At a recent Crozet Community Advisory Committee meeting Elaine Echols, principal planner for Albemarle County, was kind enough to address us and inform us about how, in a Growth Area like Crozet, potential build-out is calculated.

In measuring buildability, she explained, planners take both “constrained” land—floodplain, wetlands, critical slopes— which is unbuildable, and unconstrained land alike into calculating the number of allowable units. In some cases, developments like West Glen for example, the roads themselves are on constrained land.

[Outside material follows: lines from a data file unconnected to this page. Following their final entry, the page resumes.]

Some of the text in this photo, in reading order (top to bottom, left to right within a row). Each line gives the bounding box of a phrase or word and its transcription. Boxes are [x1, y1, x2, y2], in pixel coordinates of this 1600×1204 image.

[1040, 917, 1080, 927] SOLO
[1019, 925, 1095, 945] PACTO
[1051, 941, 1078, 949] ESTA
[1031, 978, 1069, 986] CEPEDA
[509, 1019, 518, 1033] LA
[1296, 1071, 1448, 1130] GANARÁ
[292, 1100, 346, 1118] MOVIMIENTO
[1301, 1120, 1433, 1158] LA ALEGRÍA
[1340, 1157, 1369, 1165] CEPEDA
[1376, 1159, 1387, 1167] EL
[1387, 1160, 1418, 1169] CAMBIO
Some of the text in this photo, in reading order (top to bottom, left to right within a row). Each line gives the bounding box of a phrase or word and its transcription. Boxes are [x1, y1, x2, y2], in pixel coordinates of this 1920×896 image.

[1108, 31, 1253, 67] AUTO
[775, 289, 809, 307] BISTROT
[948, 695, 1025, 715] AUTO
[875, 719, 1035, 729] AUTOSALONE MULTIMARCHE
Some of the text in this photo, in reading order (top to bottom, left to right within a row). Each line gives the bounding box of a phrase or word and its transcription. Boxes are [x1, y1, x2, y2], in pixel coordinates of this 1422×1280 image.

The policy now allows developers to include constrained land in their building density. For example, if a developer owned 10 acres zoned R6, or a maximum of six units per acre, and 5 acres are in flood plain (constrained) the builder can build 60 houses on the five acres that are buildable, rather than 30, even though this ends up with a density of R12 on the buildable acreage. This is a density the R6 zoning intends to prevent.

I strongly urge that the policy be changed. If constrained land and unconstrained are to be treated alike, why put overworked planners on the job separating them out, only to use the gross number as the multiplier? Clearly this policy undermines the zoning already imposed on behalf of the people. Developers should not be allowed to maximize the return on their investment no matter how lives and homes in adjoining neighborhoods are negatively affected.

Protecting streams and wetlands from pollution is not elitist but beneficial to the residents of Crozet. Please join me in urging the Supervisors and the Planning Commission to forego the use of gross acreage rather than subtracting the constrained acreage in calculating Crozet’s capacity for growth.

According to County estimates, Crozet’s current population is 6,850. Estimated maximum population for the growth area is 18,000. Can Crozet absorb such numbers of residents in the schools, parks, or libraries? School Board member David Oberg visited the CCAC weeks ago bemoaning the overcrowded state of western Albemarle schools, so long prized for their excellence, that are now reverting to averageness.